Copy the entries that appear below in full, leaving out any picture among them.

########################################

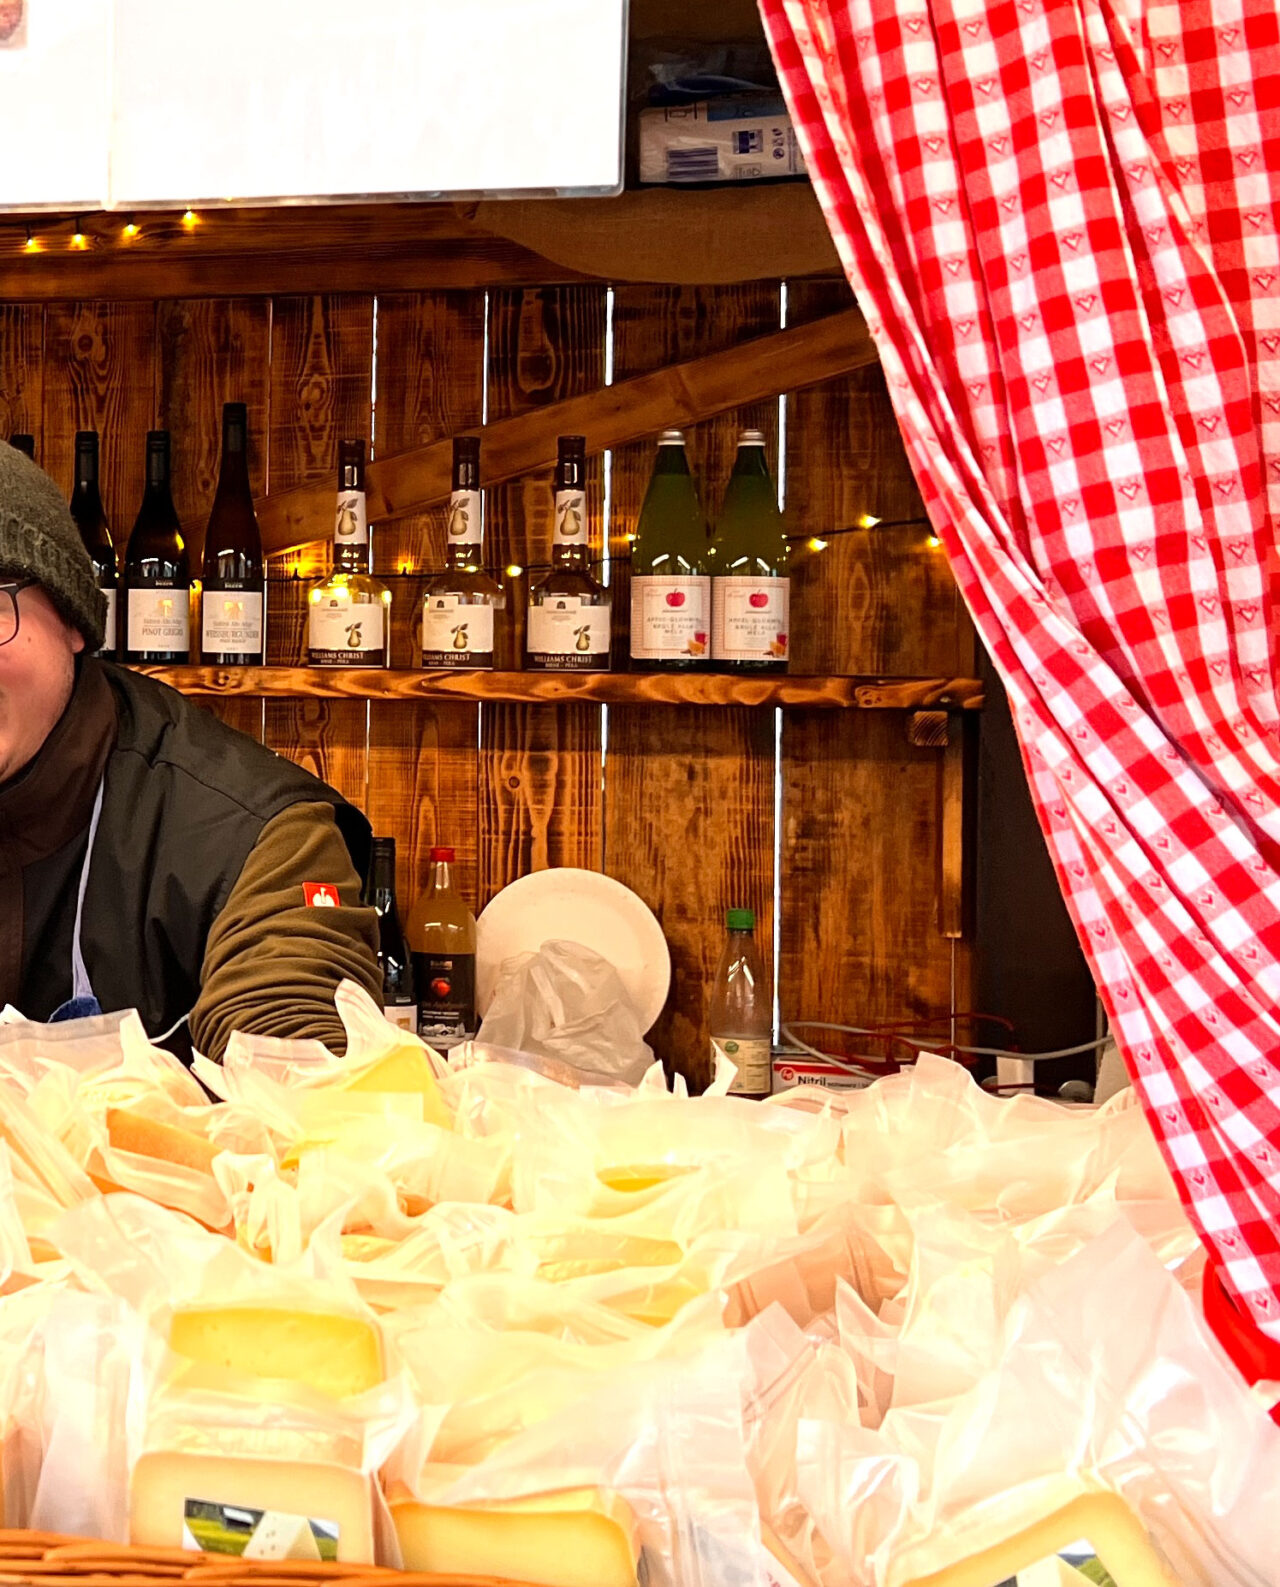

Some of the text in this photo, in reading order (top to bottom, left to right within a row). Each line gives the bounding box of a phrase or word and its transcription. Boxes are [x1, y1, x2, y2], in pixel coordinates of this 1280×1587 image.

[338, 652, 364, 660] CHRIST
[444, 653, 470, 661] CHRIST
[534, 655, 593, 663] WILLIAMS CHRIST
[797, 1076, 826, 1086] Nitril

########################################

• _Result for this exercise_
Some of the text in this photo, in reading order (top to bottom, left to right within a row). Each line gives the bounding box of a phrase or word and its transcription. Boxes are [x1, y1, x2, y2], in pixel coordinates of this 1280×1587 image.

[338, 652, 364, 660] CHRIST
[444, 653, 470, 661] CHRIST
[534, 655, 593, 663] WILLIAMS CHRIST
[797, 1076, 826, 1086] Nitril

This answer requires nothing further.